-- Task instructions --
Print the data verbatim. Leave every image out.

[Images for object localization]
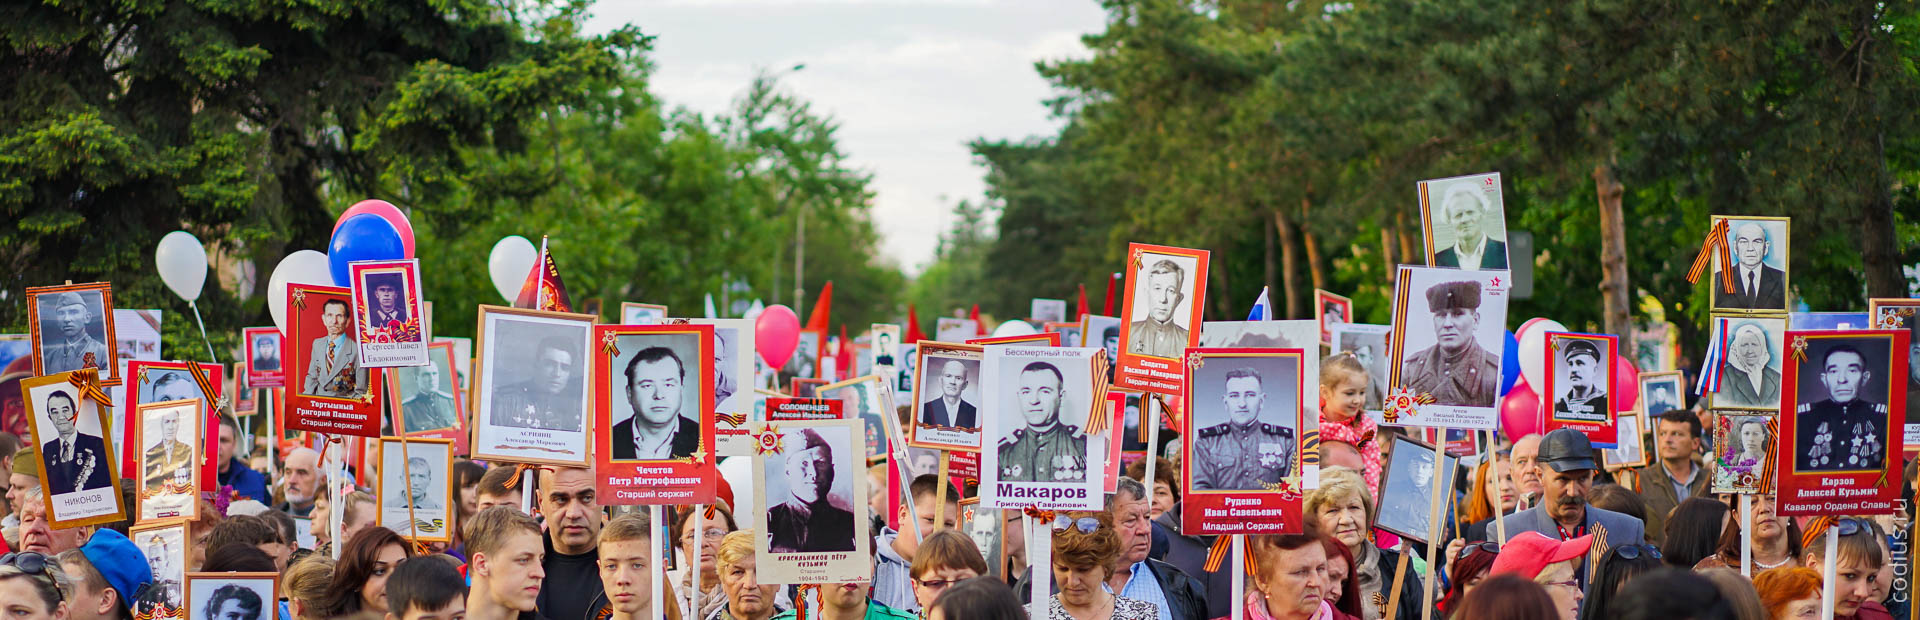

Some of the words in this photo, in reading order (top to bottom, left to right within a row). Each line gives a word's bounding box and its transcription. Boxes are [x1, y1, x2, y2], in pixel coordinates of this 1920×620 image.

[1005, 348, 1059, 357] Бессмертный
[367, 354, 417, 362] Евдокимович
[1123, 365, 1149, 376] Василий
[779, 403, 830, 411] СОЛОМЕНЦЕВ
[296, 407, 331, 418] Григорий
[332, 411, 368, 420] Павлович
[300, 418, 332, 427] Старший
[333, 421, 363, 430] сержант
[636, 466, 673, 474] Чечетов
[609, 477, 632, 486] Петр
[633, 476, 701, 486] Митрофанович
[1821, 477, 1855, 487] Карзов
[616, 489, 656, 499] Старший
[657, 491, 694, 499] сержант
[996, 483, 1087, 501] Макаров
[1797, 489, 1836, 498] Алексей
[1838, 487, 1878, 497] Кузьмич
[64, 494, 103, 507] НИКОНОВ
[995, 500, 1034, 508] Григорий
[1224, 497, 1262, 507] Руденко
[1784, 503, 1822, 512] Кавалер
[1824, 501, 1859, 511] Ордена
[1860, 500, 1891, 509] Славы
[1204, 508, 1228, 517] Иван
[1229, 507, 1282, 517] Савельевич
[1202, 521, 1244, 532] Младший
[1246, 521, 1285, 531] Сержант

-- Result of this task --
Some of the words in this photo, in reading order (top to bottom, left to right within a row). Each line gives a word's bounding box and its transcription. Boxes are [x1, y1, x2, y2], in pixel coordinates of this 1920×620 image.

[1005, 348, 1059, 357] Бессмертный
[367, 354, 417, 362] Евдокимович
[1123, 365, 1149, 376] Василий
[779, 403, 830, 411] СОЛОМЕНЦЕВ
[296, 407, 331, 418] Григорий
[332, 411, 368, 420] Павлович
[300, 418, 332, 427] Старший
[333, 421, 363, 430] сержант
[636, 466, 673, 474] Чечетов
[609, 477, 632, 486] Петр
[633, 476, 701, 486] Митрофанович
[1821, 477, 1855, 487] Карзов
[616, 489, 656, 499] Старший
[657, 491, 694, 499] сержант
[996, 483, 1087, 501] Макаров
[1797, 489, 1836, 498] Алексей
[1838, 487, 1878, 497] Кузьмич
[64, 494, 103, 507] НИКОНОВ
[995, 500, 1034, 508] Григорий
[1224, 497, 1262, 507] Руденко
[1784, 503, 1822, 512] Кавалер
[1824, 501, 1859, 511] Ордена
[1860, 500, 1891, 509] Славы
[1204, 508, 1228, 517] Иван
[1229, 507, 1282, 517] Савельевич
[1202, 521, 1244, 532] Младший
[1246, 521, 1285, 531] Сержант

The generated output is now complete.